I’m going to use this post as an example for how a great writeup should be done.

rozab 9 months ago

Would like to highlight that this webpage, interactive 'screenshots' and all, is 31kb

  • altbdoor 9 months ago

    Ah I see, it makes sense now that they aren't screenshots, and are instead interactive HTML/CSS/JS(?) bits.

    Was suspicious of how high quality the screenshots were in mobile, but didn't bother to click on them. Neat!

    • rebane2001 9 months ago

      No JS on the page, only HTML/CSS :)

      • efskap 9 months ago

        The checkbox trick for the clickable Review button is so cool! Loved the easter egg links to various videos too

      • gukoff 9 months ago

        That's very impressive - how do you do this? I also see an IDE screen with the debugger in your other article about telegram - presumably also HTML/CSS

        • rebane2001 9 months ago

          I just open Sublime Text (a basic text editor) and start typing away HTML/CSS until I've got something I like the look of. No fancy IDE features or anything, just typing out code into a file :).

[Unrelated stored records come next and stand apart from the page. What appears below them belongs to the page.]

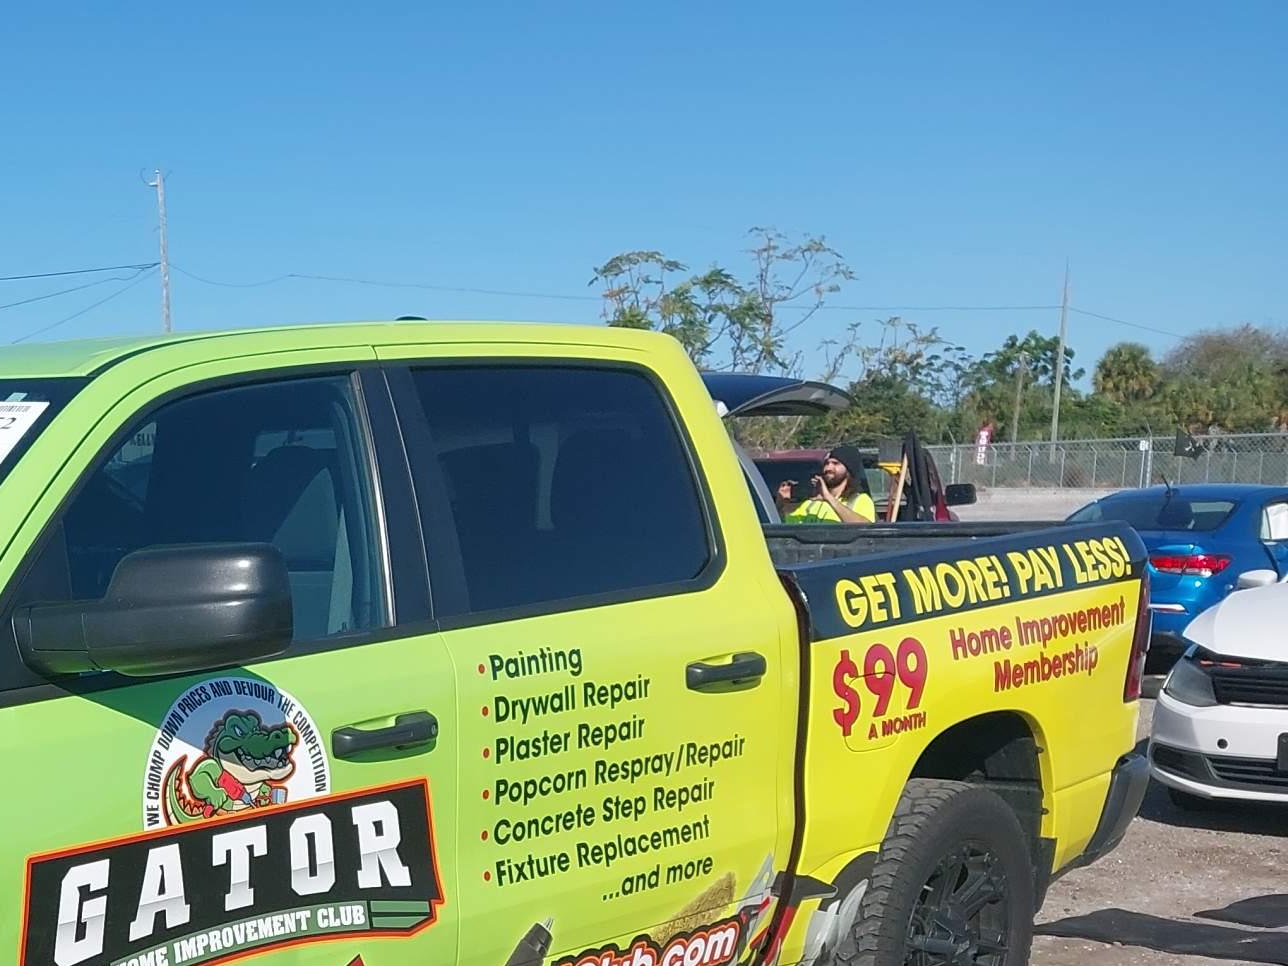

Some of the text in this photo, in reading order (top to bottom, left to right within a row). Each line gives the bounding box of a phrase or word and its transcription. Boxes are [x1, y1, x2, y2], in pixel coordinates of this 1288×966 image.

[834, 536, 1133, 629] GET MORE! PAY LESS!
[949, 595, 1126, 661] Home Improvement
[489, 647, 583, 681] Painting
[833, 636, 928, 736] $99
[993, 642, 1099, 692] Membership
[494, 674, 651, 725] Drywall Repair
[868, 711, 927, 740] A MONTH
[147, 680, 327, 827] WE CHOMP DOWN PRICES AND DEVOUR THE COMPETITION
[495, 715, 646, 764] Plaster Repair
[495, 734, 746, 806] Popcorn Respray/Repair
[493, 777, 716, 845] Concrete Step Repair
[495, 815, 711, 887] Fixture Replacement
[602, 855, 713, 901] ...and more
[173, 909, 312, 964] IMPROVEMENT
[316, 904, 366, 929] CLUB
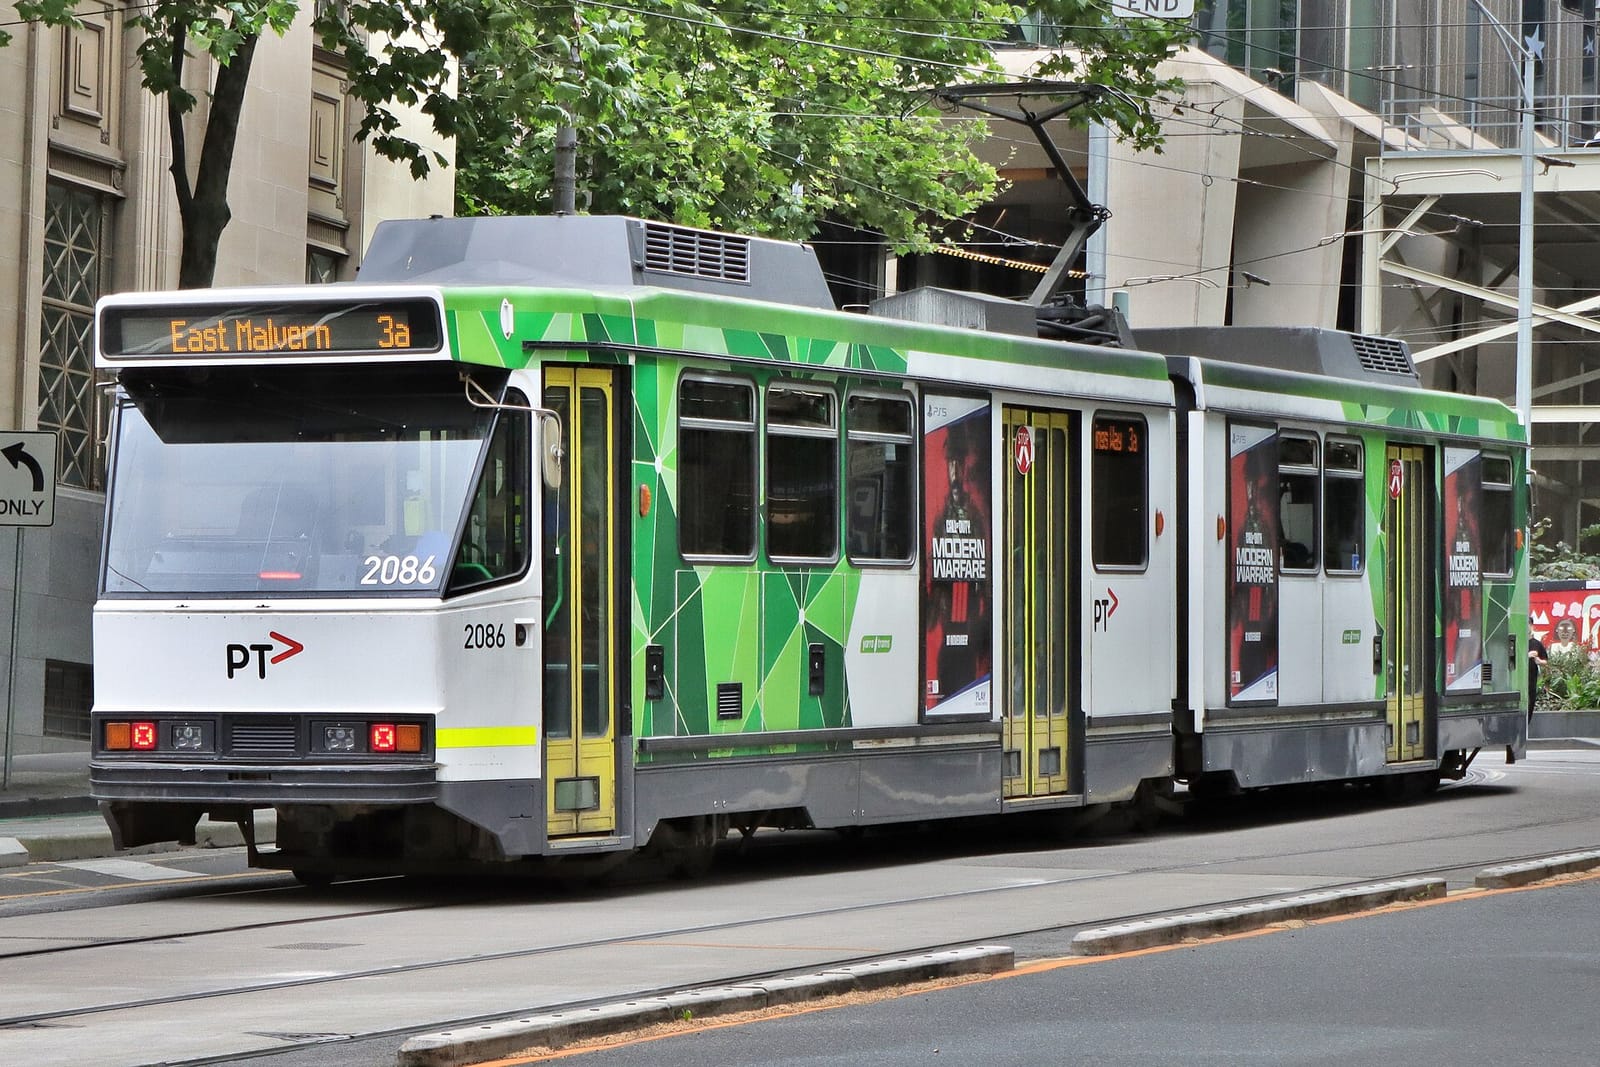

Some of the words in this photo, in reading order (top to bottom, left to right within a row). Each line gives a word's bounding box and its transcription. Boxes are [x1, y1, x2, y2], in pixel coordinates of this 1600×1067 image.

[1128, 0, 1178, 12] END
[171, 319, 229, 352] East
[236, 318, 331, 350] Malvern
[376, 315, 411, 348] 3a
[933, 407, 948, 417] PS5
[1018, 433, 1030, 445] STOP
[0, 499, 45, 516] ONLY
[932, 537, 986, 559] MODERN
[1236, 547, 1273, 566] MODERN
[360, 555, 436, 585] 2086
[933, 559, 986, 579] WARFARE
[1449, 555, 1479, 571] MODERN
[1236, 566, 1274, 584] WARFARE
[464, 623, 506, 649] 2086

          I also use my browsers' DevTools for faster CSS iteration, and Paint.NET for concept art and comparing/measuring screenshots. Sometimes I even use Illustrator and/or Inkscape for some SVG stuff (which I manually edit in code afterwards) - in this blogpost I used Inkscape to recreate the cat emoji and the Chrome iframe error pixel art icon.

pcthrowaway 9 months ago

Weird to see so little traction on this novel attack.

Honestly, considering this allows anyone to access anyone else's private drive files, I would have expected the payout to be much higher

  • echoangle 9 months ago

    You have to trick someone into opening your presentation and clicking a specific button, that’s not something a random person knowing my email could easily do. It’s a problem but I wouldn’t exactly say it allows anyone to access anyone else’s private drive files.

    • a012 9 months ago

      My company IT sec person sent a presentation and asked everybody to follow a link inside the slide to go to the training website. So never underestimate a attack vector, also security is just a joke.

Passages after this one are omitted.